Even though I’m not a parent, I am still able to deeply understand how John feels. That’s because the Lord has graciously enabled me to disciple dozens of women over the years, especially when I worked with Cru (Campus Crusade for Christ). One of my very first disciples in 1987 is serving on staff with Cru with her husband. When I arrived at Clemson University in 1994, the Lord gave me an incredible group of freshmen women to pour my life into for four years. All the women who were in that Bible study for all of those years are still walking with the Lord. It amazes me, overwhelms me, and gives me great joy. These are just a few of the “children” God has graciously given me. How thankful I am for His work in their lives and the ways He is using them for His kingdom wherever they are.
John’s statement gives me encouragement. One is that all of us can experience the joy of children walking in the truth whether we are physical parents or not. Paul never got married, but he saw himself as having children everywhere he went. I hope that is encouraging for all women who are infertile, those who may have lost a child, and those who never married or married too late to have their own children. Instead of focusing on what we don’t have, let’s go after making disciples and having children anyway!

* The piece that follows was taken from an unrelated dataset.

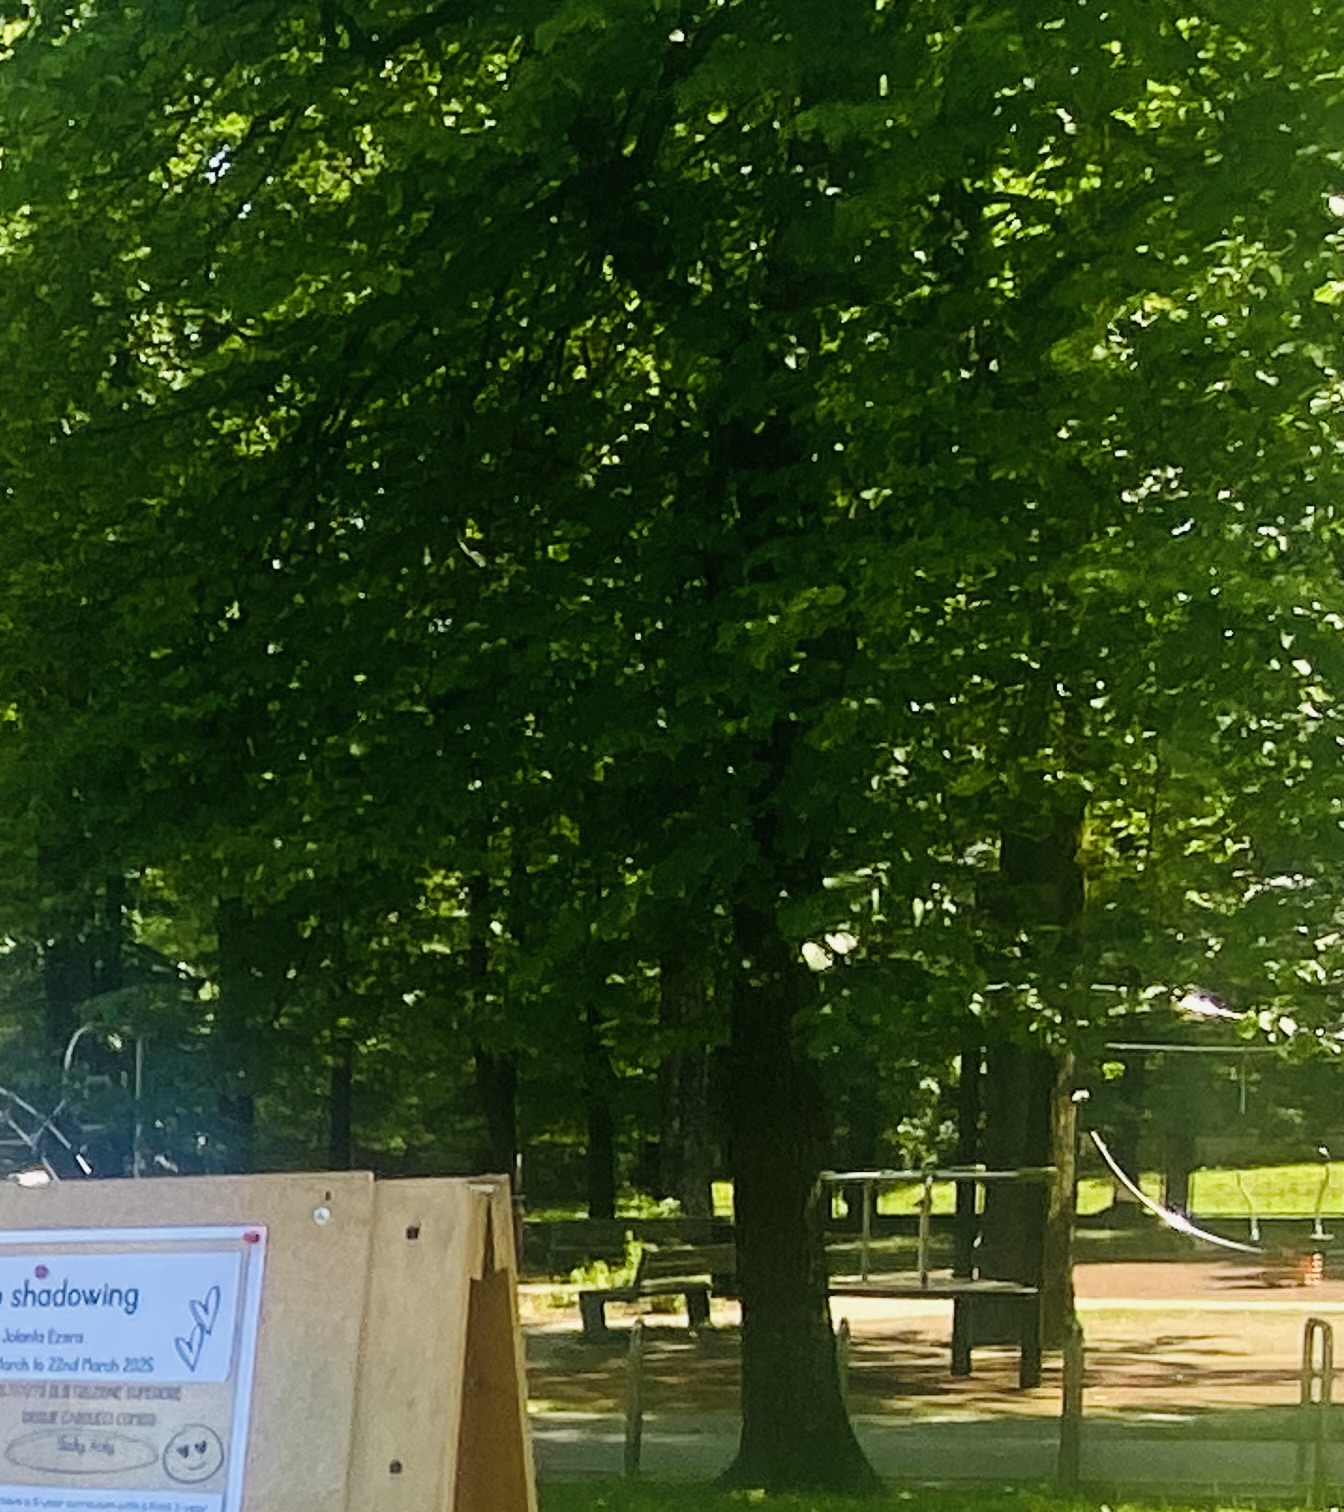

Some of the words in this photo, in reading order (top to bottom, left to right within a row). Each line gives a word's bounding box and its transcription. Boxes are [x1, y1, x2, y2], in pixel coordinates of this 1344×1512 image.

Another encouragement is the reminder of a way to have great joy. Of course, Jesus said that He came that His joy would be in us and that our joy may be made full (John 15:11), and joy is part of the fruit of the Spirit (Galatians 5:22). So whether we are making disciples or not, we can have joy. But if you are struggling with joy, consider pouring your life into someone else to encourage them to know and walk with Christ. Proverbs 11:25b says, “He who waters will himself be watered.” As we give to others, it comes back to us. When you feel “dry”, sometimes the best thing to do is give to someone else.
Jesus calls all of us to have “children”. In Matthew 28:18-20, He commands us to make disciples of all the nations. This is His plan to spread His kingdom both near and far (Acts 1:8). You don’t have to have a seminary degree to make disciples. You just have to be a few steps ahead of the person you are discipling. Of course, for those who are parents, their children are their disciples. But God calls all of us to go further, to pour our lives into others like Paul and John did, and to make disciples who walk in the truth and make disciples of their own. THIS is a source of great joy!
Who could you disciple? Maybe it is a co-worker. Maybe another woman at your church. Maybe a neighbor. They don’t necessarily have to be younger than you in age. It’s a step of faith and a commitment of time and energy and love, but the joy it brings as you see God work in their lives is worth it.
*Full disclosure – When I got married, I became a step-mother to two boys who were in their early twenties. While I love both of them, I know that it is never the same as being their birth parent.